Is there something else that can deliver value and quality more quickly?
Am I leading the work I’m doing or is this framework leading me?
Am I truly enjoying this or am I just comfortable with where I am now?
I might have ultimately been happier learning a different language, like Python. That would have allowed me to take on projects involving geographical information and spatial analysis, which I would have personally found interesting. However, I never did so because maintaining and expanding my current expertise was the top priority.

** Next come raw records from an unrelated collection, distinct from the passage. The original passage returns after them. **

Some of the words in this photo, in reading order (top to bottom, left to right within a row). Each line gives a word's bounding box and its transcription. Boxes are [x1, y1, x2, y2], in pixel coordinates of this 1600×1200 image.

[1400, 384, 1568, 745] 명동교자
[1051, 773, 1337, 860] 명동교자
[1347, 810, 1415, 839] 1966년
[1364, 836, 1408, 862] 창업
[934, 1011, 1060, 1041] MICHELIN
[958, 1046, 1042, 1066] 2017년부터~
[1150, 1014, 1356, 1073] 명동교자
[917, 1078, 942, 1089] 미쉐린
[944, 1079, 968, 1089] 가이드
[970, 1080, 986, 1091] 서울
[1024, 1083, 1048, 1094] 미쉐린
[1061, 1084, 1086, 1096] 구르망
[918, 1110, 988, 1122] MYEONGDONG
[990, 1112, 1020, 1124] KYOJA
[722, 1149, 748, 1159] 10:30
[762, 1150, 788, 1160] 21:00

I eventually did move away from freelancing and into full-time jobs. At one of them, I picked up Ruby on Rails, because the project I was working on was based on it. After a while, I found myself in a familiar situation: I knew enough about Rails to be productive, but Rails was leading me more than I was leading the work. I wanted to move on to something new. So this time, instead of trying to double down on Rails expertise, I decided to try a new mindset.
I started a side project to do some experimentation. Through this project, I found myself evaluating different frontend frameworks. Once I tried a few of them, I finally settled on React. React was the #1 choice for frontend development at the time: it had great documentation and wide adoption.
After playing around with React more, I soon had a working project I was ready to share on LinkedIn. Posting this led to interviews for jobs where both Rails and React were being used together. Ultimately, I was offered Senior level engineering positions and accepted one of them.
Programming languages, frameworks, and methodologies are here to serve you, not the other way around. Take charge by coding like an investor! While it’s important to learn the stack used at your job, It’s also very easy to get stuck in the expertise trap. Don’t do that! Instead, invest time in learning tools that will yield a return.